Phenylbutazone, or Bute, is the most common pain medication used in horses and is generally safe if used at the correct dosage. However, its most common side effect is a condition called right dorsal colitis, which is a potentially deadly inflammation of the right dorsal colon. Similar drugs such as Banamine can also cause right dorsal colitis, but Bute is more commonly reported, probably because it is used more commonly. The first signs noted with right dorsal colitis are colic and diarrhea although more severely affected horses will have depression, lethargy and a decreased appetite. Surprisingly, one study revealed horses less than 15 years old with an average of 6 years were the most affected, probably because younger horses are in competition and need Bute due to lameness. Ponies and foals are also more susceptible but overall, but it is unknown why some horses develop the disease and others do not at the same dosages.
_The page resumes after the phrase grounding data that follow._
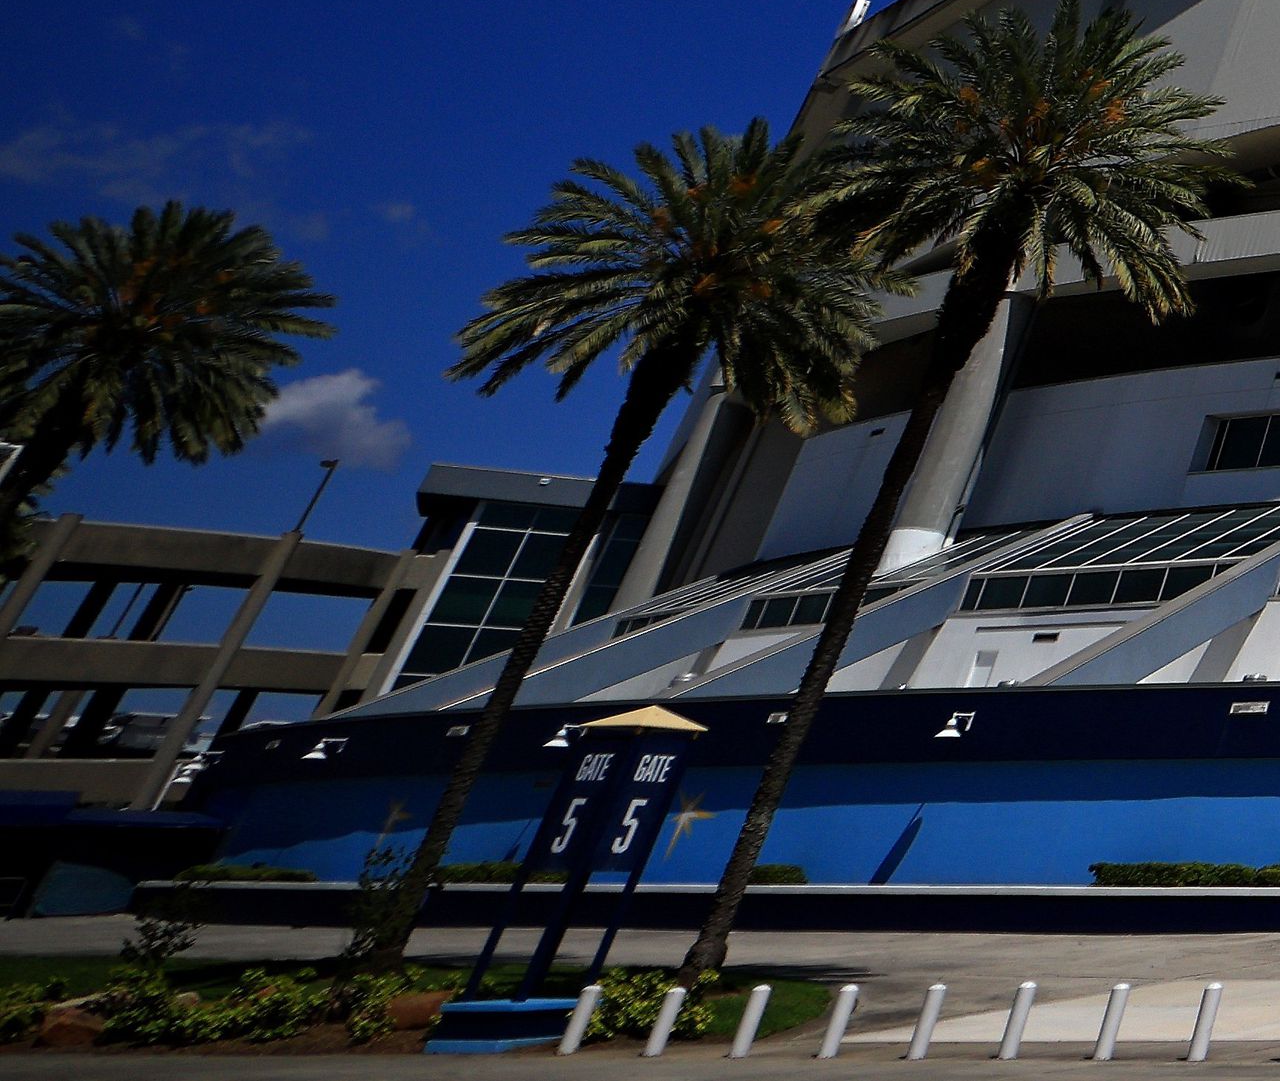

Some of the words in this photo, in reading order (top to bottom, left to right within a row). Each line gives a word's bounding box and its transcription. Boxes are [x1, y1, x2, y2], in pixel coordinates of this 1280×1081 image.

[575, 753, 615, 781] GATE
[633, 754, 676, 782] GATE
[550, 797, 588, 854] 5
[611, 798, 649, 854] 5
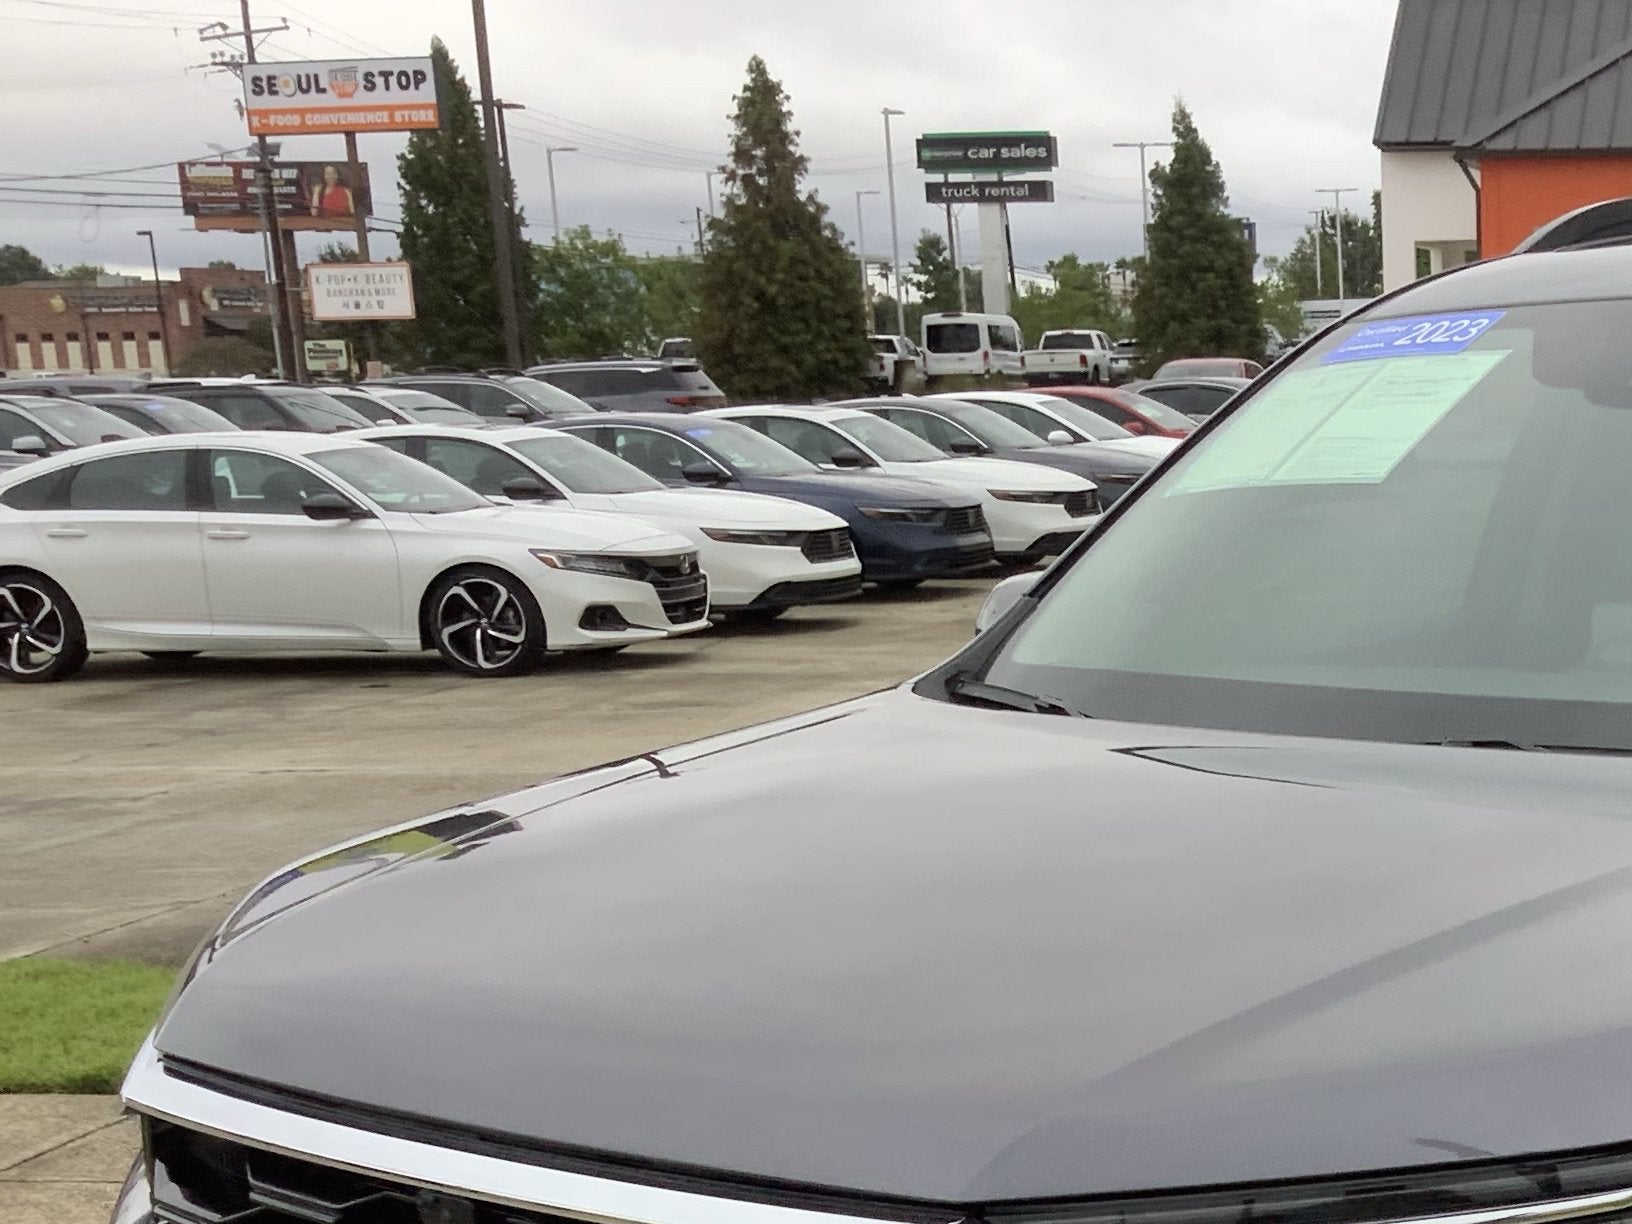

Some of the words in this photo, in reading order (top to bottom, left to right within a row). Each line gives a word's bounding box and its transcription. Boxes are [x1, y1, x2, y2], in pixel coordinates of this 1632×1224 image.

However, if the horse is off feed and dehydrated, is sick or has another type of gastrointestinal disease, Bute toxicity is more likely to occur. The toxicity causes damage to the colon wall that can lead to loss of blood and protein. Treatment includes fluid therapy and sometimes intravenous plasma to increase the protein level, plus giving medication to coat the intestine. Surgery can be performed by removing the affected area of the right dorsal colon but it is difficult. This is a serious disease as up to 40 percent of affected horses usually die, so if you are giving your horse Bute, watch for any abnormal symptoms and if noted, stop the bute and call your vet. Realize Bute and Banamine can cause serious and deadly side effects so check with your vet before using these drugs, especially in sick or dehydrated horses.